Chris Humphries [00:21:31]:
Now, before it was pretty obvious that Wells Fargo is spelled with awelzfar. Like, you could see the things. But now I tell people, you have to right click on that originating email address and see where the domain came from. But it's very understandable that people get caught with these things. It feels like in Austin, I'm like, on CBS Austin, I'm like their PSA guy. Every month that these baby monitors have been hacked for whatever or Bluetooth tagging, how do we do that? And I'm happy to be that person in there because I'm like that. I'm going to date myself. Mr.

Chris Humphries [00:21:59]:
Wizard. Mr. Wizard, Mr. Rogers. Anyway, I'm that guy. That's, hey, guys, this is why you need to do that. When in my head, I'm like, you guys have to be knowledgeable of these risks. You have to unknowledgeable of the risk and accept the risk.

Chris Humphries [00:22:11]:
I think we're also so dependent on technology that we don't care. We don't think about that at all. I think this whole TikTok thing is crazy because I feel like we're the last generation that cares if they're mining our data. I feel like people these days, younger generations, that depend on these tools, yeah, you tell the that, but they don't care. I don't think anybody really sees what can be done with that. And even if you showed them, I don't think they would care, because it's just such a different world. So I think it's as technology and our dependency on that evolves and as stuff comes to market and as people continue to depend on that technology, I tell people it's an economy of scale. The stay at home mom doing her instagram influencing while the kids are asleep is susceptible to the same vulnerabilities that any multinational corporation is susceptible to.

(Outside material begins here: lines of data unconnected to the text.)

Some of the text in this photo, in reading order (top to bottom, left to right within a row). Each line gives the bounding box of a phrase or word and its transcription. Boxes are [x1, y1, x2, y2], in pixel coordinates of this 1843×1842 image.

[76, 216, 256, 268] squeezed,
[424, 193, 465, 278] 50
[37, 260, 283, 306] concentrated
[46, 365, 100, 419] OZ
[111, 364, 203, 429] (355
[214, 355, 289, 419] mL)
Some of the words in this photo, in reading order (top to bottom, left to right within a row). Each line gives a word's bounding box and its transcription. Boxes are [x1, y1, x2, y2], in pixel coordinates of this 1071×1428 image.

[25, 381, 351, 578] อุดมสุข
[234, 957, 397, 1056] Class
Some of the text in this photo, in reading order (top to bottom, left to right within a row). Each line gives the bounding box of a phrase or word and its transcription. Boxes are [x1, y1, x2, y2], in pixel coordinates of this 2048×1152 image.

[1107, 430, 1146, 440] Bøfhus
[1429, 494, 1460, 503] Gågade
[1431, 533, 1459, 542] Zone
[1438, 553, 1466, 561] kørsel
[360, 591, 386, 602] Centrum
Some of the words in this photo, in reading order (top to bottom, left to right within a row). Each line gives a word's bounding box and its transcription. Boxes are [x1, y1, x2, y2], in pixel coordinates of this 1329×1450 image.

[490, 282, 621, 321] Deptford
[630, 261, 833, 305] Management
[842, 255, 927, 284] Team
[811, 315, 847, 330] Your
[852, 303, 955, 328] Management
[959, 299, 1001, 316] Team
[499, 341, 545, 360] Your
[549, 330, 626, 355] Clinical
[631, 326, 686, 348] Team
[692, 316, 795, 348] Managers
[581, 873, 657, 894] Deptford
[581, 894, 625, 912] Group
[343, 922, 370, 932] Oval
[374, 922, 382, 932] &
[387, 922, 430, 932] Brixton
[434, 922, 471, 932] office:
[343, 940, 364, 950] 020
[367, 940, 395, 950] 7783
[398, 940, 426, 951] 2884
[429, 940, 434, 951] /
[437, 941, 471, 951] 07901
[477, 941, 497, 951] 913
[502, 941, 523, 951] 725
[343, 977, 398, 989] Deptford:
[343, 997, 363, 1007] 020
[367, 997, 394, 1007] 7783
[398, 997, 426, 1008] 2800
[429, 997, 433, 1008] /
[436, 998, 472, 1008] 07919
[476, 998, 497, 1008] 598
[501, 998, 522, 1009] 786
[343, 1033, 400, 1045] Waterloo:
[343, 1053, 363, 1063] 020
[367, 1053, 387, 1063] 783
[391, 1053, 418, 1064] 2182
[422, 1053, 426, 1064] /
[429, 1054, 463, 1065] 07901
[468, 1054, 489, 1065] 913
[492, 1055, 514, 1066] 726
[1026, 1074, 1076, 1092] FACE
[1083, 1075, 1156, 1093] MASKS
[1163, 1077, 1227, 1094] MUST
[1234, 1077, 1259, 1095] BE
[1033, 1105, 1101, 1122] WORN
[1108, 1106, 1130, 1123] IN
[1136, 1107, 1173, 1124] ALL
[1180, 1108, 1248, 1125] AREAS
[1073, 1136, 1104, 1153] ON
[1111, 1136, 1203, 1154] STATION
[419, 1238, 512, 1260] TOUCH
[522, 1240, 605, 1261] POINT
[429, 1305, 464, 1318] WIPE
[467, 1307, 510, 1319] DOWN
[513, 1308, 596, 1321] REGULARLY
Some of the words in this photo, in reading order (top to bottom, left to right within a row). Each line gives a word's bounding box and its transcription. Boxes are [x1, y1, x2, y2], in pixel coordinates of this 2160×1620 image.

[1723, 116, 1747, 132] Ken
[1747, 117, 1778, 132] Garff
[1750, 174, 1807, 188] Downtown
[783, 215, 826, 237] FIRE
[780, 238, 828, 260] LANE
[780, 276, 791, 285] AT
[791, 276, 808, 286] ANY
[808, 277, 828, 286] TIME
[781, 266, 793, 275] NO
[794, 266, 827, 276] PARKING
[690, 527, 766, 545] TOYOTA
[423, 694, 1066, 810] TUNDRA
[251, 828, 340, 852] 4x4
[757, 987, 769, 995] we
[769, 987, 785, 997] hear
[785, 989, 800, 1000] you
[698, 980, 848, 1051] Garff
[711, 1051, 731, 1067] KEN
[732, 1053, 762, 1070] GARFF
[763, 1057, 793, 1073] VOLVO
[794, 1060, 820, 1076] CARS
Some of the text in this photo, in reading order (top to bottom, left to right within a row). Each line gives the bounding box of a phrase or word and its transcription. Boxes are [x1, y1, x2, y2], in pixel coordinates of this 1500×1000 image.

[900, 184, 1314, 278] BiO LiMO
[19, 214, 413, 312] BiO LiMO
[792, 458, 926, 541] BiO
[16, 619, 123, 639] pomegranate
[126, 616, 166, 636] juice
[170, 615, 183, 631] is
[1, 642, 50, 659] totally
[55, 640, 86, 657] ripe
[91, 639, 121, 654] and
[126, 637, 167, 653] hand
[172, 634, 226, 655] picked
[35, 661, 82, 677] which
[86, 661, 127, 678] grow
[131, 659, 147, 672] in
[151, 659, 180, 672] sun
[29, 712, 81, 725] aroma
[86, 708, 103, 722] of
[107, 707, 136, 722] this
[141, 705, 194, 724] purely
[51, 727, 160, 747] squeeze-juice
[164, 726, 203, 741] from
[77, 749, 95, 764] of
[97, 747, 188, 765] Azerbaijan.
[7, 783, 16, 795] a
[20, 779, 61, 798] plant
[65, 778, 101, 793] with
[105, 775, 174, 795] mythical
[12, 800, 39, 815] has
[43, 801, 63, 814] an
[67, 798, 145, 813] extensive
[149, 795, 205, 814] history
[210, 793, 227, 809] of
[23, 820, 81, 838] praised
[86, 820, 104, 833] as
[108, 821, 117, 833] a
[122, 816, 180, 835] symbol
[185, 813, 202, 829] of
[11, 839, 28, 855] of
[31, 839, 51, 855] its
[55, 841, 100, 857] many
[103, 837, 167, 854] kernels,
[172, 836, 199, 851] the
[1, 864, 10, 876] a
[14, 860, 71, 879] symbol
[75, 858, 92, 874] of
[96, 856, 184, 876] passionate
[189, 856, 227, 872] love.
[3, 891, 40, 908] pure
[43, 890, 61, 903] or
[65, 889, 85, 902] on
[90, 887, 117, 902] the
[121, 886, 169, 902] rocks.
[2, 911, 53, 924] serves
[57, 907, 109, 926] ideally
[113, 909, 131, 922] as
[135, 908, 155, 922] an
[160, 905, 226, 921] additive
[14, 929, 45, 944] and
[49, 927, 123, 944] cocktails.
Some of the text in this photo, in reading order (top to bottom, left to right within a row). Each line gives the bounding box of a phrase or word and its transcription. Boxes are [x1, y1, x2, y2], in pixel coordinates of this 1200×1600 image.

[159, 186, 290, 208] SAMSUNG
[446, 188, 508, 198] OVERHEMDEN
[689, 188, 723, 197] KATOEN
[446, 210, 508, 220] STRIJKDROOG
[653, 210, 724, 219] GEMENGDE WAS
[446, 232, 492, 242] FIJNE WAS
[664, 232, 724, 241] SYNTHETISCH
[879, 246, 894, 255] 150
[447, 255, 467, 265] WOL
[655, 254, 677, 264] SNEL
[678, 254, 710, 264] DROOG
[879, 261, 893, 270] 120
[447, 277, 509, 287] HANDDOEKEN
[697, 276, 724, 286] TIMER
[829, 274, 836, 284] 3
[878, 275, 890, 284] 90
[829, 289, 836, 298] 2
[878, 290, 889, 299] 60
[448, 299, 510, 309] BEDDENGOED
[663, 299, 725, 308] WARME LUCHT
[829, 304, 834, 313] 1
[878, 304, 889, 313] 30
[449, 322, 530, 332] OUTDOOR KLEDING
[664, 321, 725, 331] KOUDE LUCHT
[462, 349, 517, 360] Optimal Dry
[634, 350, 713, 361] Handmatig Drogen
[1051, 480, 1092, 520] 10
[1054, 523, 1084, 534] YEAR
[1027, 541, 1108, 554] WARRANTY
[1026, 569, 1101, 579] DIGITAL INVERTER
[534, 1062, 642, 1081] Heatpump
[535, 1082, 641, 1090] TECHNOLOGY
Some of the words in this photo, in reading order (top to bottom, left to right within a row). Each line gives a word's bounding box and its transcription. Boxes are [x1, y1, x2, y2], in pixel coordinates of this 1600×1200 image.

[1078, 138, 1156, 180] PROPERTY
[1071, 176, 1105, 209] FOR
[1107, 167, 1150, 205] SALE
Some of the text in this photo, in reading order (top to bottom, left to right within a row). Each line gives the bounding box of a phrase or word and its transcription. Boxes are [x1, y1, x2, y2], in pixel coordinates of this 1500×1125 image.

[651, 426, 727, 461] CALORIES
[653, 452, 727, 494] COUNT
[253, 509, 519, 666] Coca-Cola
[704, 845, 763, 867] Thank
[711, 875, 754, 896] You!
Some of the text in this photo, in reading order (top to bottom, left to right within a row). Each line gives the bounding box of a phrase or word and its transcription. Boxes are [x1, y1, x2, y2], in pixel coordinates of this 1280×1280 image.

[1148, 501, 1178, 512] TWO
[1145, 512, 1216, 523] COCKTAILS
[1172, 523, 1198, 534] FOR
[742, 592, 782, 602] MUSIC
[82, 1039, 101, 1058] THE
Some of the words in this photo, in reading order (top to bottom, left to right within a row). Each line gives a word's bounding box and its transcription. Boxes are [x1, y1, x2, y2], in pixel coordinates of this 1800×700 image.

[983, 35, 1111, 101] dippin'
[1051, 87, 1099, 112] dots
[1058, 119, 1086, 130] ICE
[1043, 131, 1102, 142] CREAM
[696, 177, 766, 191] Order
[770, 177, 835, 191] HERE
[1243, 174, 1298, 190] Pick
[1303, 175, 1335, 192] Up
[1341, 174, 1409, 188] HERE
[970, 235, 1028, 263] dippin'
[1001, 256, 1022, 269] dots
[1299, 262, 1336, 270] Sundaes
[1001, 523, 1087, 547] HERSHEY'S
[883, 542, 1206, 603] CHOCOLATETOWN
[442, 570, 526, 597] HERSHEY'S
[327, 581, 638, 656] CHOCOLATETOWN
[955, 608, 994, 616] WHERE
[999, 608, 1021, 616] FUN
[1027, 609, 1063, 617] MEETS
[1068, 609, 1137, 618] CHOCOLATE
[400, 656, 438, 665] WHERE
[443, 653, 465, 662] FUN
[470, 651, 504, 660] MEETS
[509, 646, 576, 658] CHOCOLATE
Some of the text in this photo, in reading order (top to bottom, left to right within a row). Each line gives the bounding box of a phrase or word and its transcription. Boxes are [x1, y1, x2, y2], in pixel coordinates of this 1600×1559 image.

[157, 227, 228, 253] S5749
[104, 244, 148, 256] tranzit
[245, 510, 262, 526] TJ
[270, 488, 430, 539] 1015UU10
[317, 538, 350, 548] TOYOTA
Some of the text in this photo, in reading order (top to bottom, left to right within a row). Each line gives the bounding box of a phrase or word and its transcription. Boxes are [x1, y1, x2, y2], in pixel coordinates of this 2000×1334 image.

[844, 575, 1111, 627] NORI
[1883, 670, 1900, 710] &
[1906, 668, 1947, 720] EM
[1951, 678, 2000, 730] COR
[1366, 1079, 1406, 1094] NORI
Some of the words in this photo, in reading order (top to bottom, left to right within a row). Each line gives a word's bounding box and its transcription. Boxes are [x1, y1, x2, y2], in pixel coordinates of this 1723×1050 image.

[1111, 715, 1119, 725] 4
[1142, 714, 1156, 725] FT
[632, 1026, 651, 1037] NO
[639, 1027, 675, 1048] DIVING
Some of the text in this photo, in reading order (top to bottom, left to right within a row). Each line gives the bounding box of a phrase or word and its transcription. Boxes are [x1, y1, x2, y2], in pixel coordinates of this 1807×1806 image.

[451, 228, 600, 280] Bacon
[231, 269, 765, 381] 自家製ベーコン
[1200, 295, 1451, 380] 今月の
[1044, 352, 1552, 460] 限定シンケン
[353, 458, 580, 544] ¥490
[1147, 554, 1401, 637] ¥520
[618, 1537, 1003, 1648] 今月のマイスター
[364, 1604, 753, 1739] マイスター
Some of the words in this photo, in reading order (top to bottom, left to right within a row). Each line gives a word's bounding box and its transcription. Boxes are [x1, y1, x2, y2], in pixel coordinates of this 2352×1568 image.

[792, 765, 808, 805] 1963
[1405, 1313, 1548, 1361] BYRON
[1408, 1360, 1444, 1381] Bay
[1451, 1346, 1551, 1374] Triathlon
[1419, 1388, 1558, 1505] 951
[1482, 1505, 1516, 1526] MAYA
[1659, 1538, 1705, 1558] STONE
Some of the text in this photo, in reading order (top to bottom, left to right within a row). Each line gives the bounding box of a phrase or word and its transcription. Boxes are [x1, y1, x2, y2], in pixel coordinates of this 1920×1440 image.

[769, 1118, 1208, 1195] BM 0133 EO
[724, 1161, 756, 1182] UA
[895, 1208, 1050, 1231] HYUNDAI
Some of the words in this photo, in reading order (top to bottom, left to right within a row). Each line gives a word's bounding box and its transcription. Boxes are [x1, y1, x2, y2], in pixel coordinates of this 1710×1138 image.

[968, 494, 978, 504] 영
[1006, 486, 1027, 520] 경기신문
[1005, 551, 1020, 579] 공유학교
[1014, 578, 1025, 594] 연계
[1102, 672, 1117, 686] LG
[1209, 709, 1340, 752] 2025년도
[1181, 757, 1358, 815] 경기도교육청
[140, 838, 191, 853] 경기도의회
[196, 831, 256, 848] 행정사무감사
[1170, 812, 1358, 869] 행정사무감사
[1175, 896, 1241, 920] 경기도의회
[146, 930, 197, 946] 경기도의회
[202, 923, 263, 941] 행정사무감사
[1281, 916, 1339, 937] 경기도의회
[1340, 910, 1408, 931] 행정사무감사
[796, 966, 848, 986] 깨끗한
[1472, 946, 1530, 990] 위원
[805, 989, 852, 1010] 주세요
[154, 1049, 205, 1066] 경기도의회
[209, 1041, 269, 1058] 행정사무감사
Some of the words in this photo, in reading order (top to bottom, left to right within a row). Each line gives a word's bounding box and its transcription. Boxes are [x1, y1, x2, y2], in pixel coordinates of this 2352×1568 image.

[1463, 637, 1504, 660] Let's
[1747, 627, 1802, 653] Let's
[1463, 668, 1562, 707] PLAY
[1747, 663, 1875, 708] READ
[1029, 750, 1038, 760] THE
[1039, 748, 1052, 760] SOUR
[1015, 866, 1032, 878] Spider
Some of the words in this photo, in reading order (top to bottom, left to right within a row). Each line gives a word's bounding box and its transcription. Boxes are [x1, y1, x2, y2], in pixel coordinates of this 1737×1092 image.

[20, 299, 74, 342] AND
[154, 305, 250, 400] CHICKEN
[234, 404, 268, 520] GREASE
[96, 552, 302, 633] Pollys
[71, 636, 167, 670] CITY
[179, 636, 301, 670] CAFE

Chris Humphries [00:22:56]:
So that scale can relate to everyone, and we've got to bridge that gap where everyone sees that.

Joe Toste [00:23:01]:
Yeah, no, that's really great. Let's jump to the audience. Q A, Shauna. And then we'll get Steve.

Shauna Rogers [00:23:08]:
I really like the fact that you guys are talking about trying to inform the public of the risk and safety of all of the modern technology platforms that they're using. Like you brought up TikTok, for instance. Right. And as a state government agency, we are now trying to govern having those platforms on any agency device. How do we work together as agencies to educate the public on the real risk that the are inheriting? I just don't see that people understand what's actually happening. There's no sense of reality as far as I'm concerned. So how do we work together to close that gap?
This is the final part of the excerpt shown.